The implementation that we have come up with uses some smart technologies, such as WebSockets, which allows us to push the information to citizens as soon as the information is available. The alternative to this is that you poll me every five minutes. Coming back to AWS, in order to use WebSockets, you can't just use any old type of load balancer, you need to use a TCP load balancer – through AWS we didn't have this problem, we were able to build what we wanted to, and it processes that service for everybody.
However, what's the main reason for TfL going with AWS? Snow days.
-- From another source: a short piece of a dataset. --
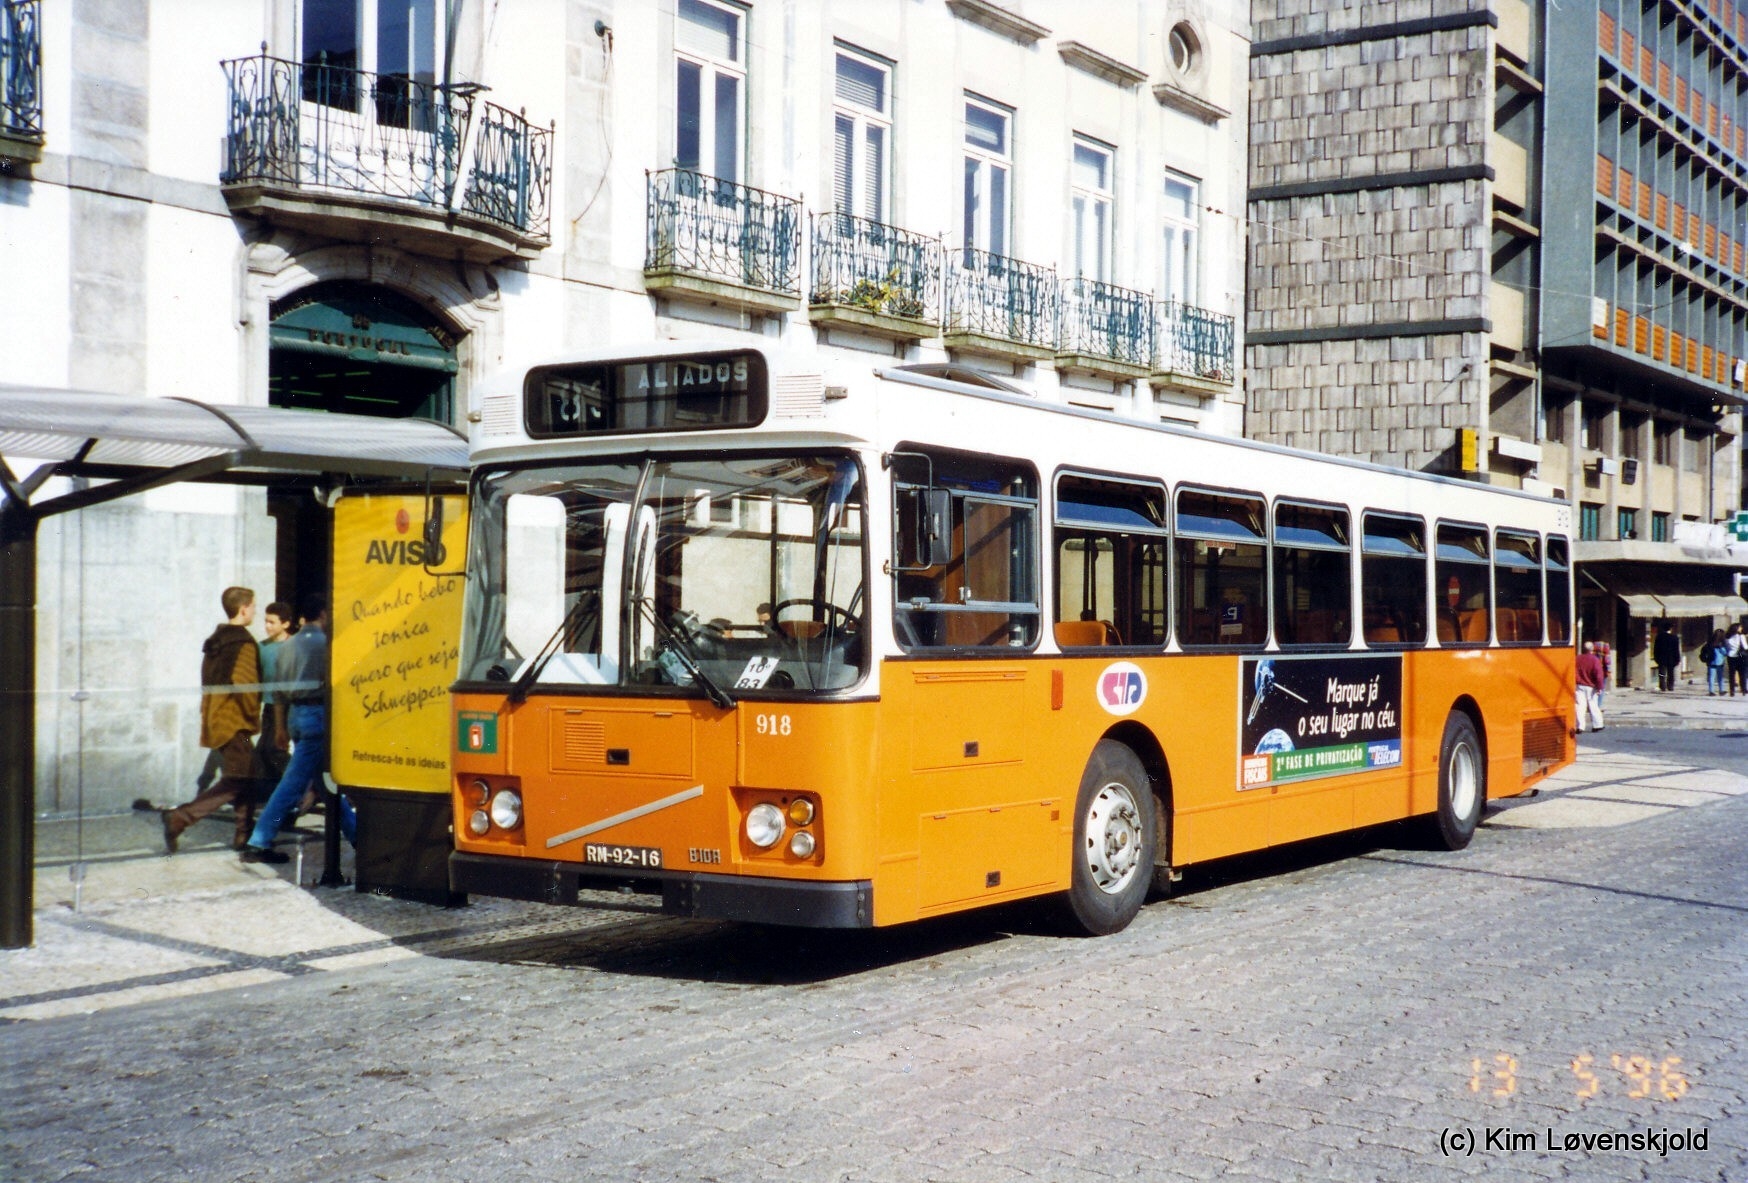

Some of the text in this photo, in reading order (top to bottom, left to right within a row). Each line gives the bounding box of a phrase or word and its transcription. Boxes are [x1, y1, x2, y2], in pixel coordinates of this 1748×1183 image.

Yup, those few days a year when London experiences a light frosting across the capital were enough to make Transport for London shift its infrastructure for online into the cloud. Mewett said:
We could have gone down the traditional route, we had a traditional data centre, but we considered the reasons to go with cloud – the main reason, snow day. On a snow day, all of our services go
awry. We have major disruption, because all our daily commuters suddenly surge onto the website. I would say that your average person that commutes probably doesn't look at the website on a daily basis. But when you have a severe disruption, they need to know what's running, when the next bus is coming, all these kinds of questions. This creates a situation where we get a huge spike and we need to be able to handle that spike.
The thing is, those services that I've described, journey planning, status boards, those are complex. If I wanted to provision that hardware to enable me to handle that spike, I'd have to buy a huge amount of hardware. So the number one reason that we chose AWS was to deal with a snow day and we wanted to use auto-scaling to meet with demand.
This would unlock a massive amount of cost savings, the cost savings are huge. If you had to have 20 times your current deployment on stand by to deal with a massive spike, which might happen five days a year, the cost savings in terms of physical hardware were phenomenal.